## Exercise prompt
Keep the wording of the records intact as you retype them, and omit every image.

## Collected data
-----

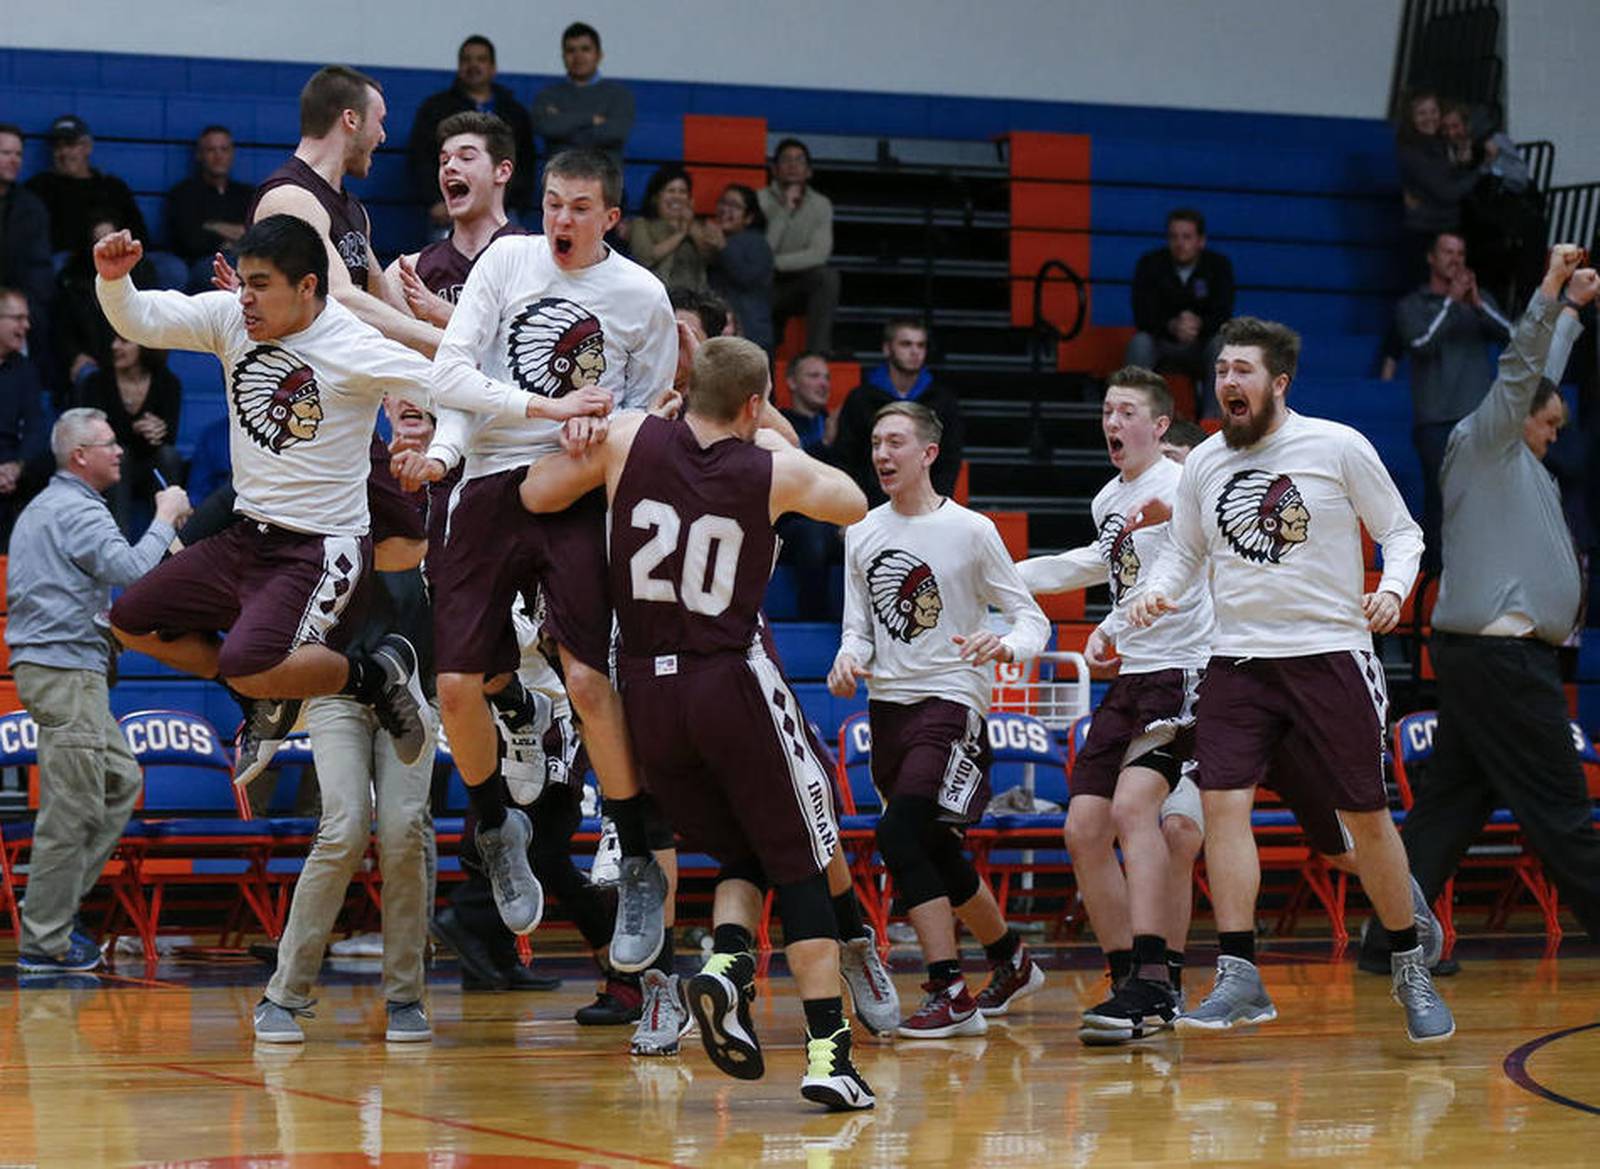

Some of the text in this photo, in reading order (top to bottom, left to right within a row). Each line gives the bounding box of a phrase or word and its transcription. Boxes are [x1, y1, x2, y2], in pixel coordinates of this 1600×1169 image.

[630, 498, 745, 617] 20
[0, 718, 39, 753] CO
[126, 719, 213, 754] COGS
[987, 719, 1049, 753] OGS
[1408, 718, 1439, 751] CO
[946, 759, 973, 802] DIANS
[808, 781, 836, 857] INDIANS

-----

## Expected output
Some of the text in this photo, in reading order (top to bottom, left to right within a row). Each line gives the bounding box of a phrase or word and its transcription. Boxes are [x1, y1, x2, y2], in pixel coordinates of this 1600×1169 image.

[630, 498, 745, 617] 20
[0, 718, 39, 753] CO
[126, 719, 213, 754] COGS
[987, 719, 1049, 753] OGS
[1408, 718, 1439, 751] CO
[946, 759, 973, 802] DIANS
[808, 781, 836, 857] INDIANS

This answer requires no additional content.